Thursday, August 15, 2013

Lotuschef on [Your Own Interpretation 你个人的见解] (2)





I'm also reading the online version of GM's book No.45.

And this Chapter 10 is very enlightening, Diamond Sutra stuff that you love as well.
Anyway this early work of GM is still amazing and has comprehensive explanations on many things.
This is the same with what you've been speaking of.
Lol.
That FH has many things to study instead of reading the materials from the surface only.



Chapter 10 - Wisdom in the Threefold Contemplation
"...the Middle Way is 'to control your thoughts and purify your mind, expel confusion to understand the truth, to awaken to one's Original Nature, so as to transcend life and death.'"

In this world, there is a very special supra-worldly method of cultivation - the "meditation for luminosity". This is the top secret to transcend this human world. 

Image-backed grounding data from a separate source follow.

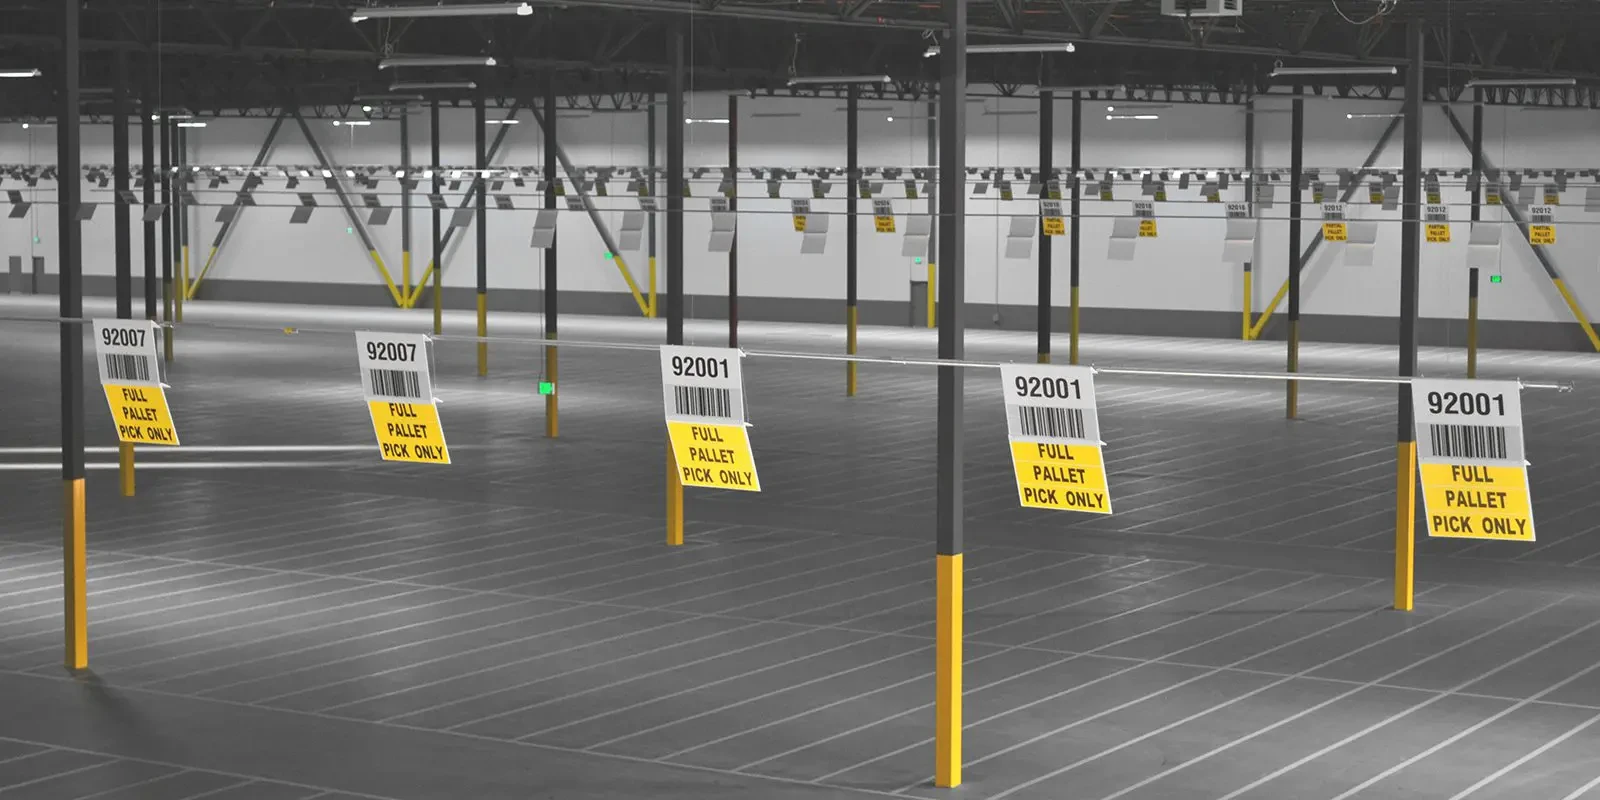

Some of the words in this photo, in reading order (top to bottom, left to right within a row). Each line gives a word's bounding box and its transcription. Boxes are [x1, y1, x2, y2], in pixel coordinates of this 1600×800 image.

[102, 328, 146, 347] 92007
[367, 341, 416, 361] 92007
[672, 356, 728, 378] 92001
[122, 388, 148, 402] FULL
[1015, 376, 1081, 399] 92001
[389, 403, 417, 417] FULL
[1427, 391, 1504, 416] 92001
[123, 406, 157, 421] PALLET
[120, 425, 143, 439] PICK
[147, 427, 173, 441] ONLY
[388, 423, 427, 438] PALLET
[692, 426, 724, 442] FULL
[383, 443, 410, 458] PICK
[415, 445, 443, 460] ONLY
[690, 447, 735, 464] PALLET
[1038, 443, 1074, 460] FULL
[683, 467, 714, 483] PICK
[720, 470, 752, 486] ONLY
[1033, 465, 1085, 484] PALLET
[1451, 465, 1494, 483] FULL
[1024, 487, 1058, 505] PICK
[1066, 491, 1103, 508] ONLY
[1445, 490, 1507, 509] PALLET
[1432, 515, 1472, 533] PICK
[1482, 517, 1526, 535] ONLY

As long as the practitioner follows the teachings step by step, sooner or later he will understand the truth. 
In due course he will understand everything and have a clear grasp of the three perspectives in Buddhism: 
contemplation on the void of all existence, 
contemplation on the temporariness of all existence and 
contemplation on the truth of the middle way.



The ten spheres of Dharma, including the Four Noble Realms (Buddha,Bodhisattva, Solitary Realizer and Hearer) and the six secular realms (gods, human beings, demigods, hungry ghosts, animals and hell beings), can all be regarded as "empty"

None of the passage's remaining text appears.